Feeling Resistance? It Has a Positive Message for You



Back in 2004, I was directing a retreat called "Open Up Your Heart and Let Yourself Out" at the Serra Retreat House in Malibu, California. While perusing through their bookstore, I came across the book "The Addictive Personality" by Craig Nakken. As I read through portions of the book, I felt fear, trepidation and ultimately-- resistance. I immediately wanted to put the book down and never look at it again.

But after a few minutes, I picked the book back up and when I realized how strongly I was feeling resistance to what I was reading, I realized that resistance had a positive message for me. I traced the feeling of resistance back to denial. This book was challenging the denial that I was still trapped in.
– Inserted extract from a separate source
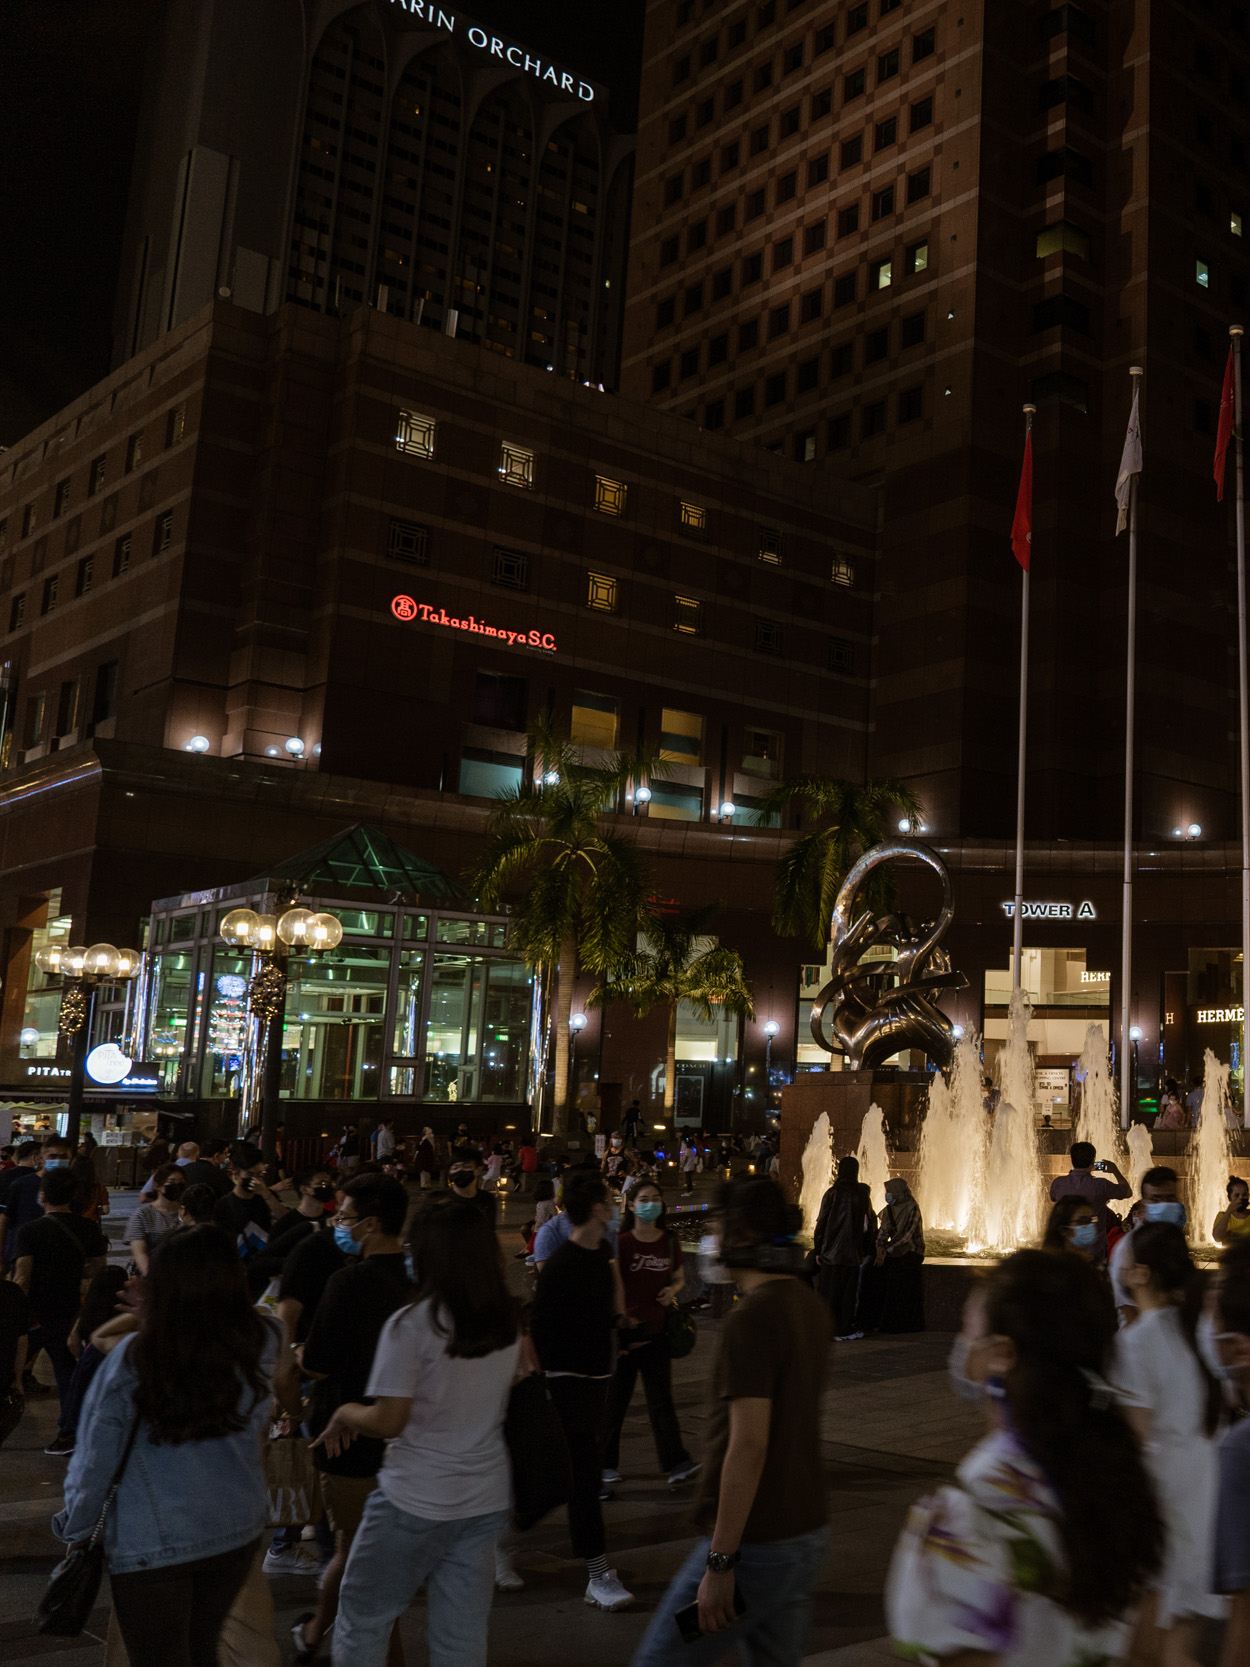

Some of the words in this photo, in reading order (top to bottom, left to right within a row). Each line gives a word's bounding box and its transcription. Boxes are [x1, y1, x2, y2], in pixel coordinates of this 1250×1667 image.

Yes, I had been in recovery for codependence for several years at this point, and I understood that I was powerless over other people. But what I hadn't owned up to were my two primary side addictions, which I turned to when I felt codependently overwhelmed and empty inside: Shopping and sugar/salty foods.

What I was reading in "The Addictive Personality" was challenging my denial around these side addictions and there was a voice in my head saying "Put this book down. If you keep reading, you will have to change." That voice was the voice of my addictive personality. It felt frightened and fearful of being annihilated if I kept reading and made a conscious choice to change my behavior.

Suddenly, I knew I had to purchase this book and start reading it seriously. I had to own up to the side addictions I was relying on to medicate away my emotional pain when I was powerless over another person, and had no way to make them make me happy.

Then I thought about the first time I walked into the Steps Alano Club in St. Louis, Missouri to attend my very first CODA meeting. The first floor was for A.A. meetings and when I walked in the door I was greeted with an overpowering fog of cigarette smoke. Next I saw a large group of people smoking and drinking coffee. They were the recovering alcoholics, who had switched to side addictions like cigarettes and coffee to help them to cope without alcohol.

These experiences have helped me to realize to this day that when I feel resistance to something I read, or to something someone else says or does, that resistance has a powerful, positive message for me. It's telling me that another area of denial has been hit upon inside of me and I need to figure it out and face it.

I do so my connecting with my Higher Power and asking for the ability to understand what my feeling of resistance is trying to teach me in terms of where I still need to change to become an emotionally/spiritually healthier person.

If you are feeling resistance, what are you refusing to face? What are you running from? We can only find inner-healing when we stop resisting it, stop running from ourselves, face it and surrender it to God, or our Higher Power.